BEGIN

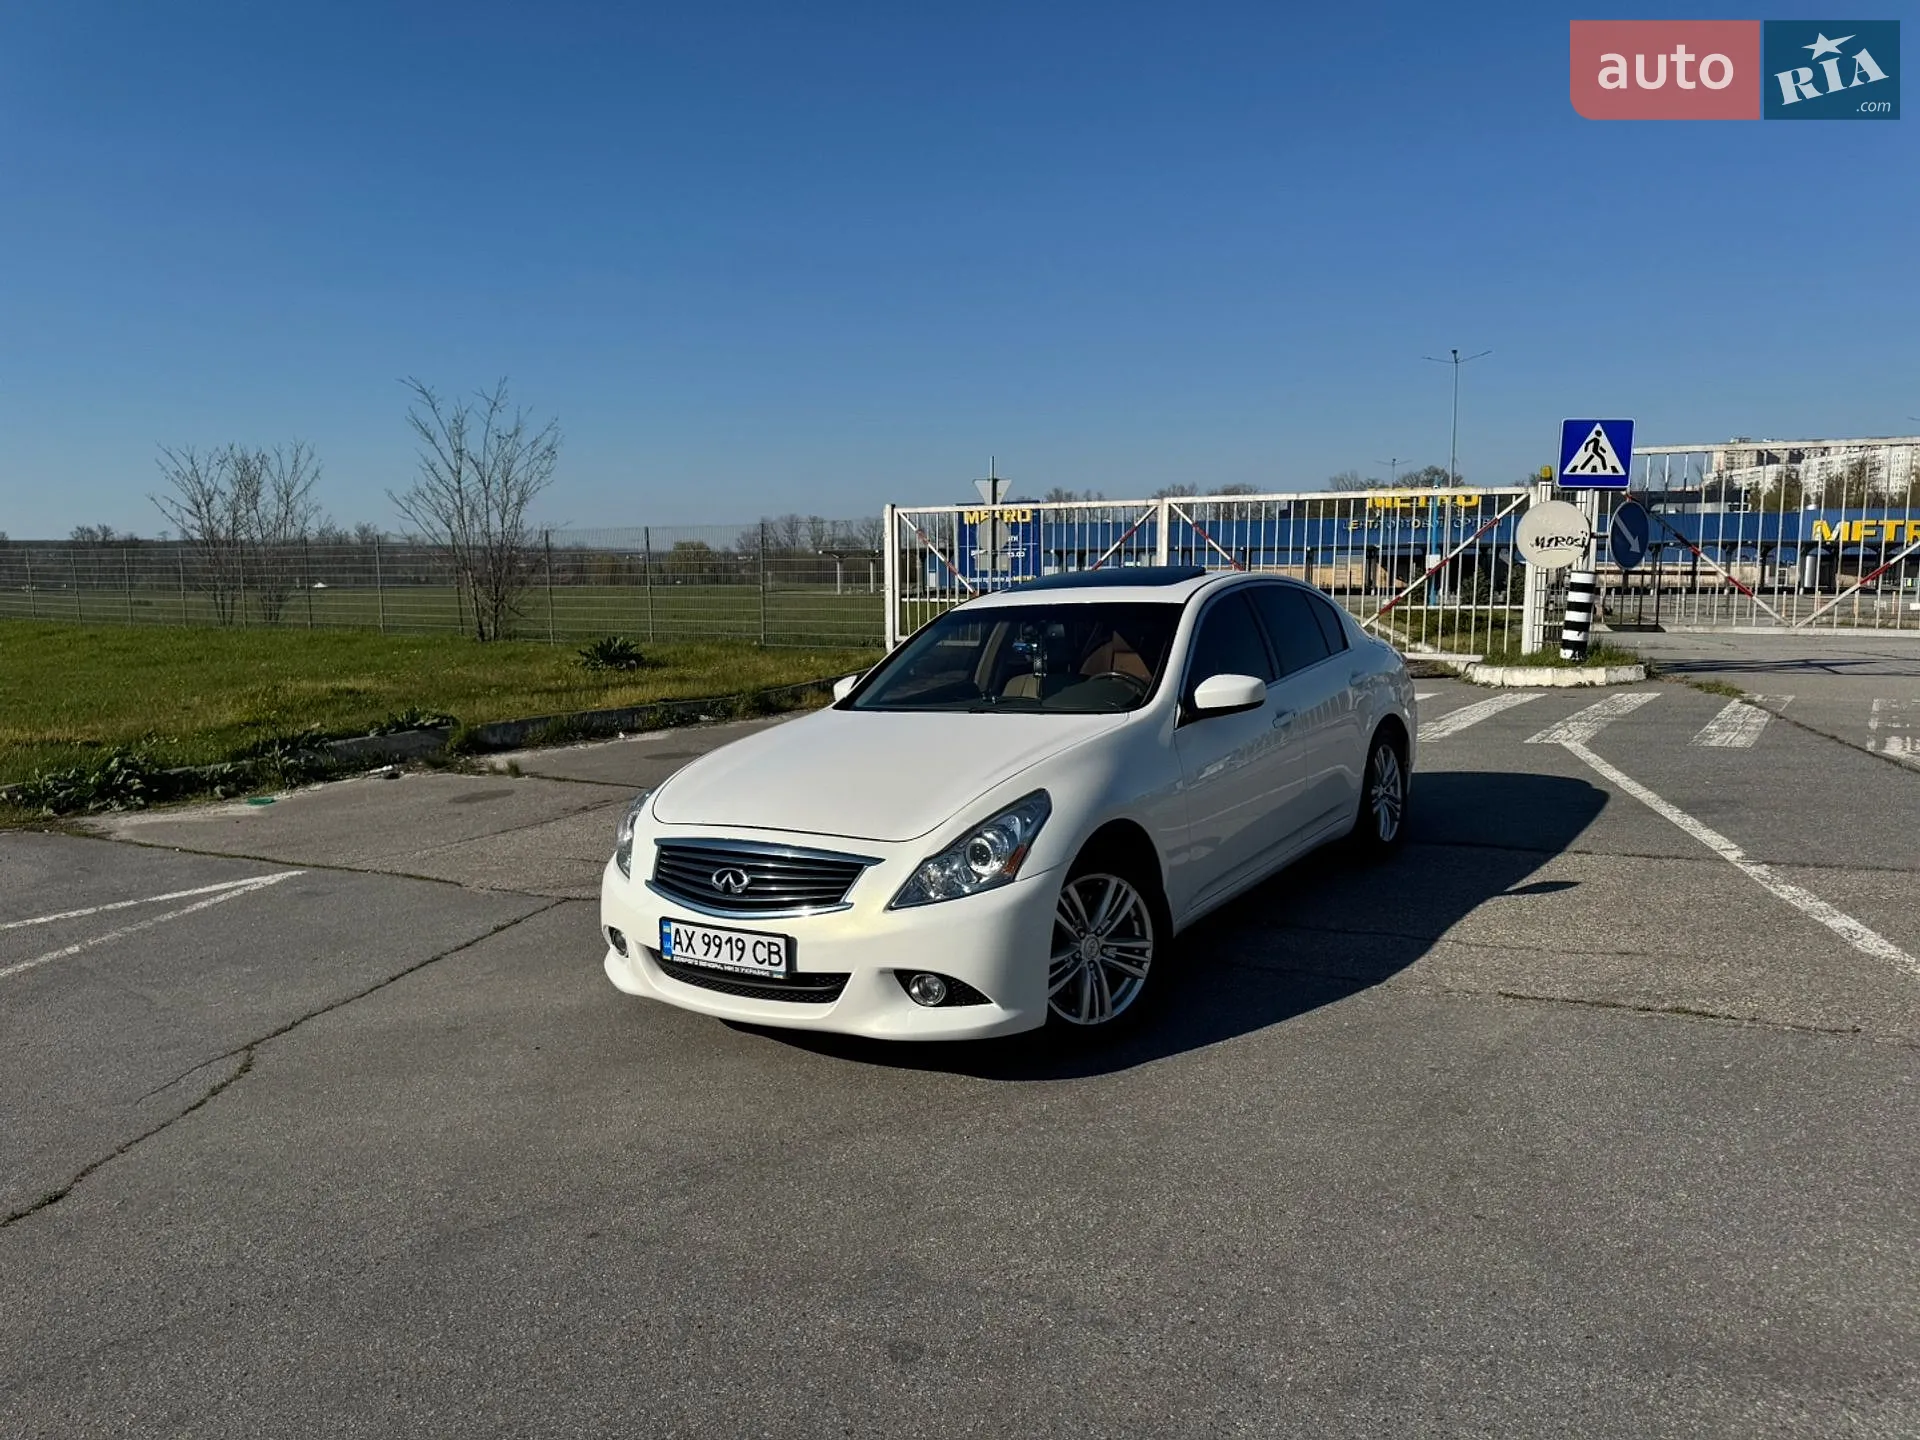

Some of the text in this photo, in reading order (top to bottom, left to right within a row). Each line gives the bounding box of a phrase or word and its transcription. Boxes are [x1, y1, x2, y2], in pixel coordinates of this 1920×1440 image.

[673, 928, 783, 967] AX 9919 CB
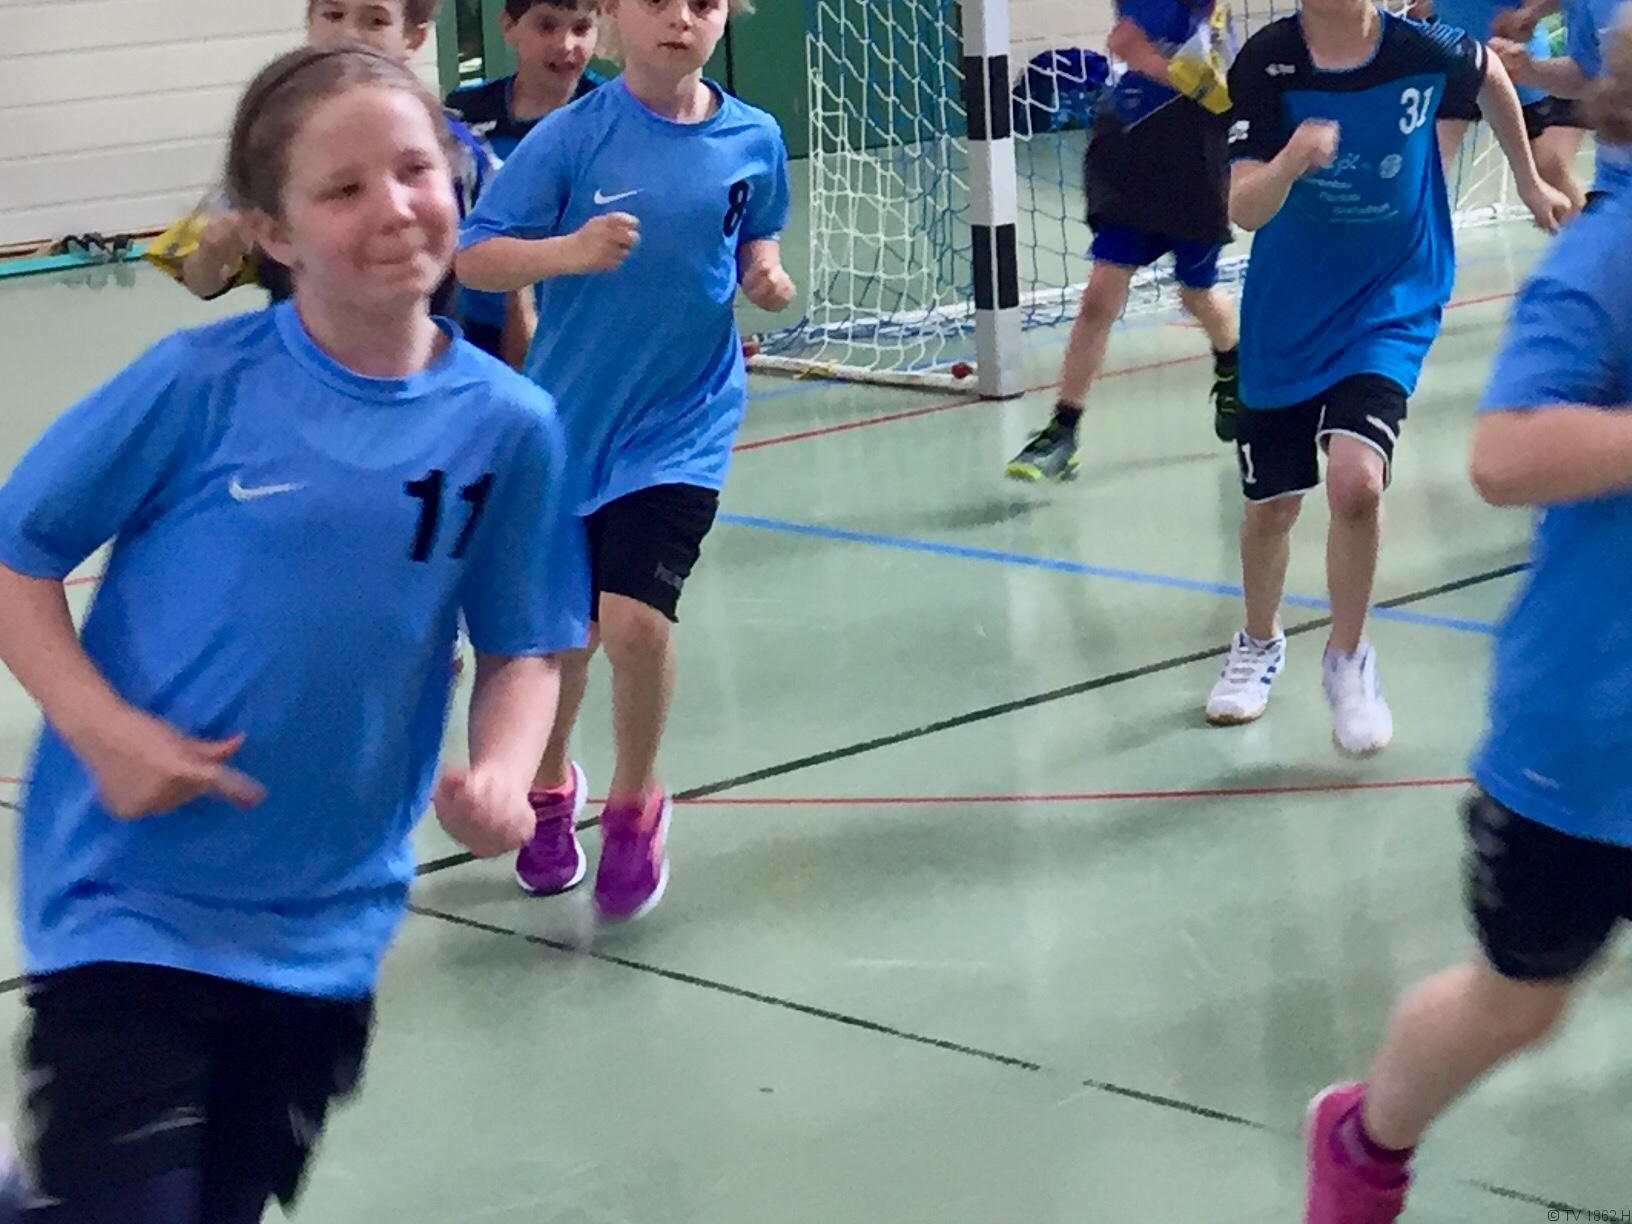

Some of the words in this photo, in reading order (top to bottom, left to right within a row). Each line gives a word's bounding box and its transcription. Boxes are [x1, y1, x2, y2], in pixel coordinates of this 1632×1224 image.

[1399, 85, 1434, 135] 31
[722, 179, 750, 238] 8
[402, 468, 496, 563] 11

END

## TASK TO CARRY OUT:
Locate the line with "Some of the words" in the entries above; extract it and every line after it, verbatim.

## SOLUTION:
Some of the words in this photo, in reading order (top to bottom, left to right within a row). Each line gives a word's bounding box and its transcription. Boxes are [x1, y1, x2, y2], in pixel coordinates of this 1632×1224 image.

[1399, 85, 1434, 135] 31
[722, 179, 750, 238] 8
[402, 468, 496, 563] 11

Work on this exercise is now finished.